Part of the problem was that many new mothers did not have the resources and education they needed about breastfeeding and proper nutrition for their children. What they needed was information.

A change started taking shape when, as part of an EU-UNICEF project, the local health centre assembled a group of role models to lead nutrition support groups for mothers. Bassan Koita was one of the first.

Despite high malnutrition rates in Mali, the small district of Yorosso is a stunning success story.
Taking action to end child stunting

“I love this role!” says Bassan, who has been leading the group for a few years now. Her work focuses on prevention of chronic malnutrition, also known as stunting, which can have a lifelong impact on children. Not only can stunting compromise a child’s physical and cognitive development, it can also weaken the immune system, and affect concentration and performance in school later on.

“Exclusive breastfeeding until six months is very important,” she says to a group of new mothers in her home village of Koury. “After that, you need to prepare enriched porridge with corn flour, boiling water, salt, oil and sugar. In addition to this, you can give vegetables, fruits and milk.”

Later, she continues the lesson by helping mothers prepare enriched porridge for their children.

“There are challenges of course,” says Bassan. “Some people are stubborn. It’s not easy to promote behavior change. It takes time.”

However, being a role model mother has been incredibly rewarding.

“I have been lucky enough to see a change. Now when I talk to mothers, I really feel they know that what I’m saying is true. Seeing this change is what I’ve liked the most.”

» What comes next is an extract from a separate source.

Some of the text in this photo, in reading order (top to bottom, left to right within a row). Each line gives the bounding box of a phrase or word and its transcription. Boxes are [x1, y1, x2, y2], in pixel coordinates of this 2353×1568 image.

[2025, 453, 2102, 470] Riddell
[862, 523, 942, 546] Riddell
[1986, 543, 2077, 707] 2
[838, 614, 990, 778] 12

By 2016, Bassan’s work was paying off. Child stunting had fallen to 15.4 per cent – moving from a ‘precarious’ to an ‘acceptable’ situation on WHO classification scale. During the same period, severe acute malnutrition also fell from 0.9 per cent to 0.4 per cent.

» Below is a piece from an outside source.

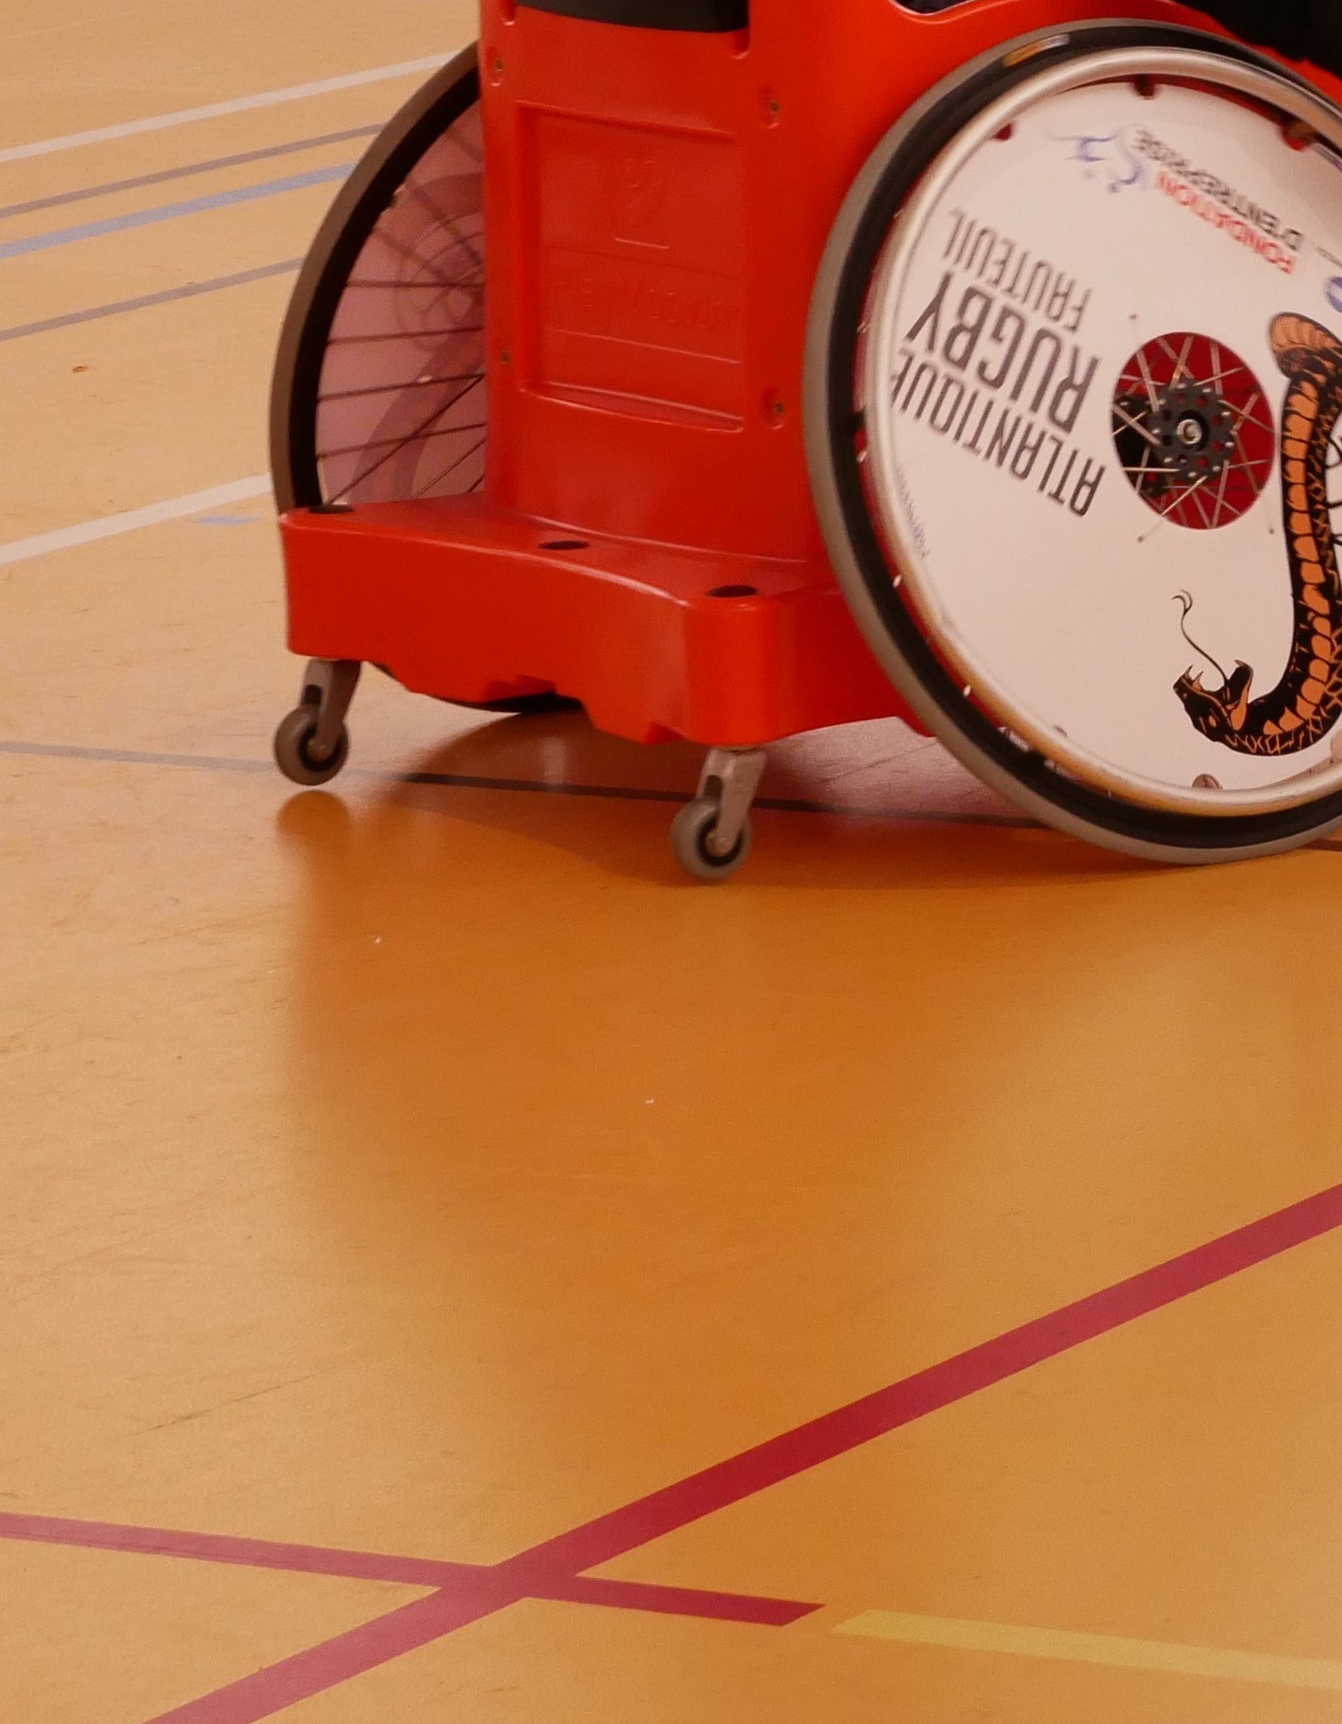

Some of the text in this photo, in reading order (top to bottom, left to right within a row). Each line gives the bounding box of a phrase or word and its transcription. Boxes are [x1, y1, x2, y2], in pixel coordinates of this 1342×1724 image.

[950, 208, 1092, 332] FAUTEUIL
[1155, 171, 1297, 274] FONDATION
[905, 271, 1100, 434] RUGBY

Kadiatou Dao, 26, smiles as she breastfeeds her baby
Kadiatou Dao, 26, smiles as she breastfeeds her baby in Koury village. "Exclusive breastfeeding until six months is very important," says Kadiatou, "This helps my baby to be bright, he can be more resistant to diseases.”
“Families do not deserve this”

The dramatic decrease in chronic malnutrition was the result of a concerted effort from an entire community – from mothers, health centres, nutrition support groups and role models like Bassan. A significant part of the effort also came from political will, spearheaded by local official Bernard Coulibaly.

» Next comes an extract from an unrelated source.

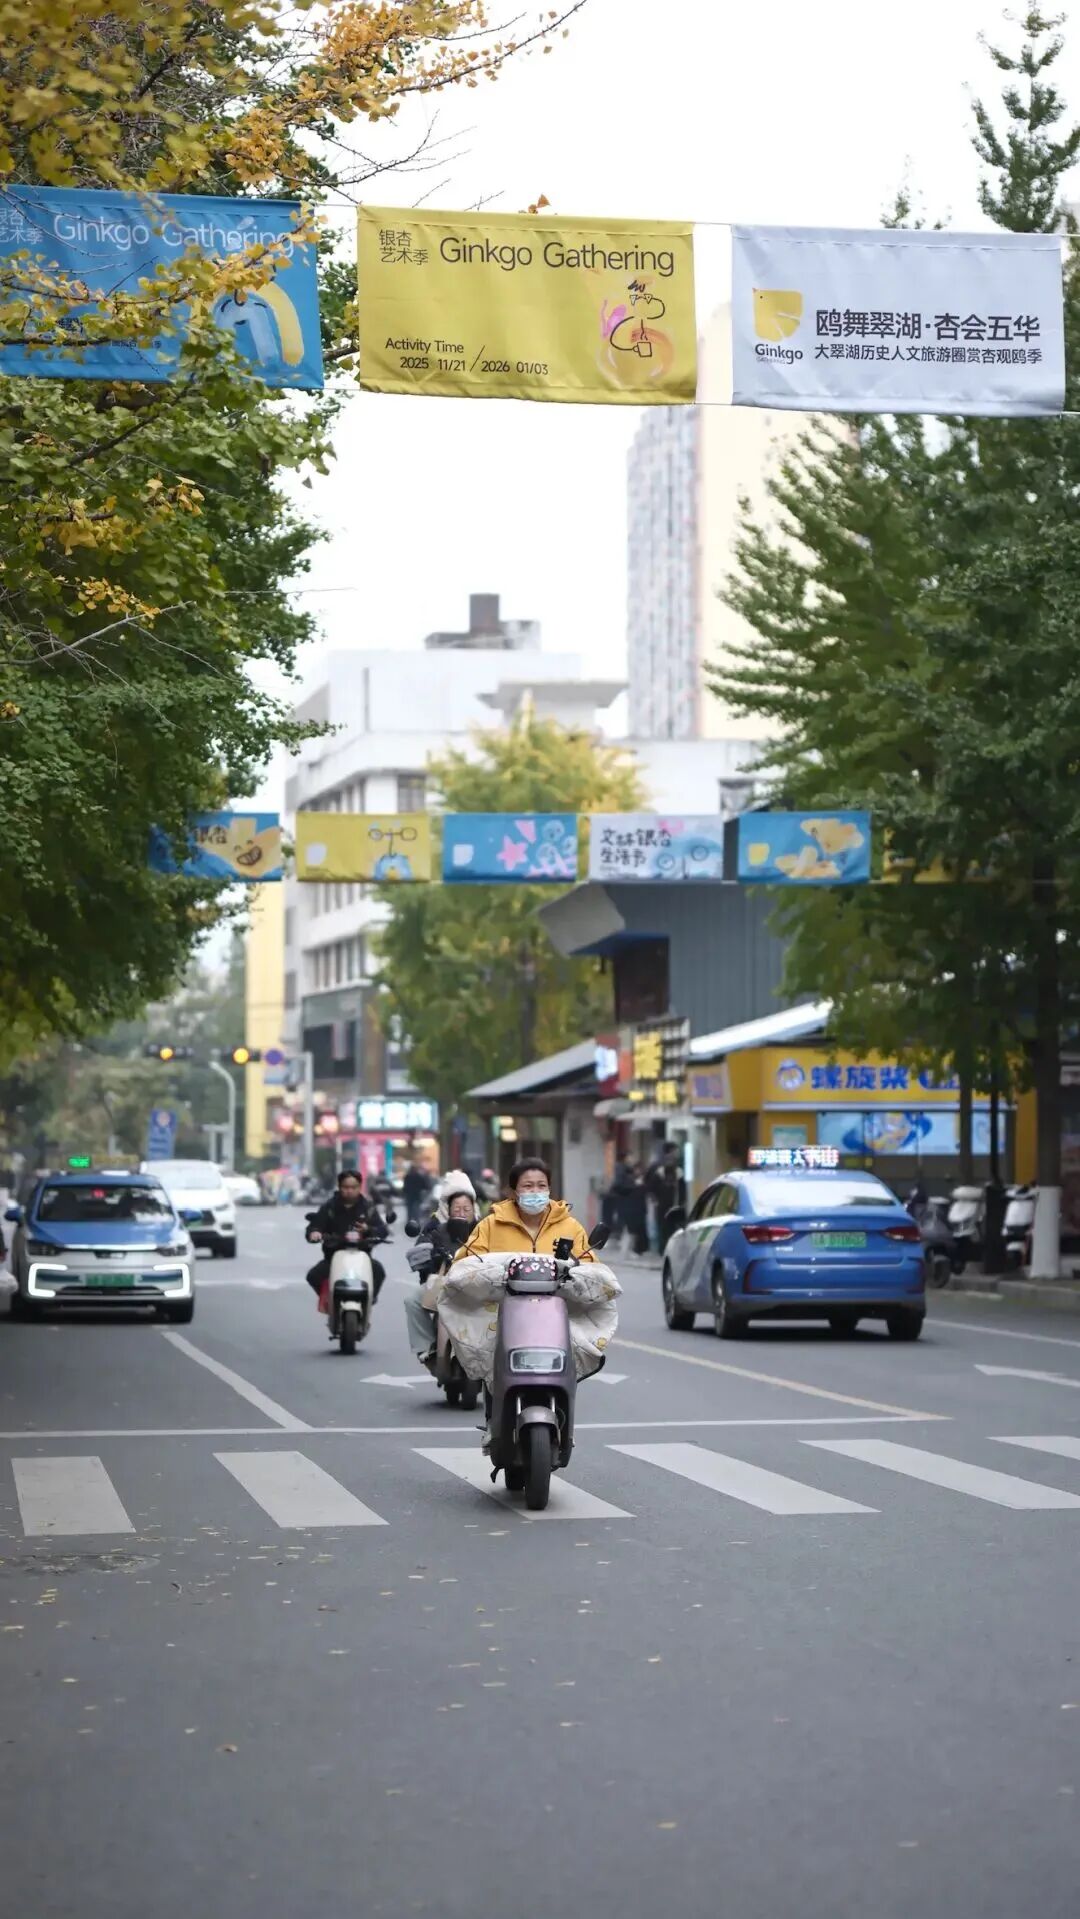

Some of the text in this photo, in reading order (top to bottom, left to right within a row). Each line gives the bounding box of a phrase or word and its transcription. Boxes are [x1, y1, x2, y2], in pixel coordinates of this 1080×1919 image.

“Seeing malnourished children is heart-breaking. Families do not deserve this,” says Mr.Coulibaly. “If us, local authorities, we don’t do anything, nobody will. These are our people.”

Deputy Prefect Coulibaly has been a steadfast supporter of the nutrition programme from the beginning – overseeing its planning and implementation across all relevant sectors in the district.

“The fight against malnutrition isn't only a health issue – it concerns many other sectors: agriculture, education, water, sanitation....” he says. “Malnutrition is a scourge that slows down development.” 

Bernard Coulibaly, deputy prefect of Yorosso district, meets with mothers and their babies
Bernard Coulibaly, deputy prefect of Yorosso district, meets with mothers and their babies attending a community outreach event to promote good nutrition practices. “Mothers and children are the foundation. All activities are run for them and many activities are led by them," he says.
‘Healthy Not Hungry’

In September 2017, Mr. Coulibably’s efforts and the accomplishments of the community were recognized worldwide when he was awarded the Global Goal Award in the “Healthy Not Hungry” category, for the role he played in fighting child malnutrition.

“The example of Yorosso shows that there are simple, cost-effective solutions to preventing malnutrition,” says Marc Nene, Nutrition Manager at UNICEF Mali. “Investing in the prevention of malnutrition is truly one of the best investments a country can make.”

Indeed, with every dollar invested in preventing malnutrition, it is estimated that a country gains 16 dollars thanks to increased productivity. Seen this way, investing in preventing malnutrition can unleash not just the potential of all children, but the potential of an entire nation.

For now, Bernard Coulibaly and Bassan Koita remain closely linked by the same dream in Yorosso: “Tomorrow, there won’t be any malnourished children,” says Bassan. “Malnutrition will disappear.”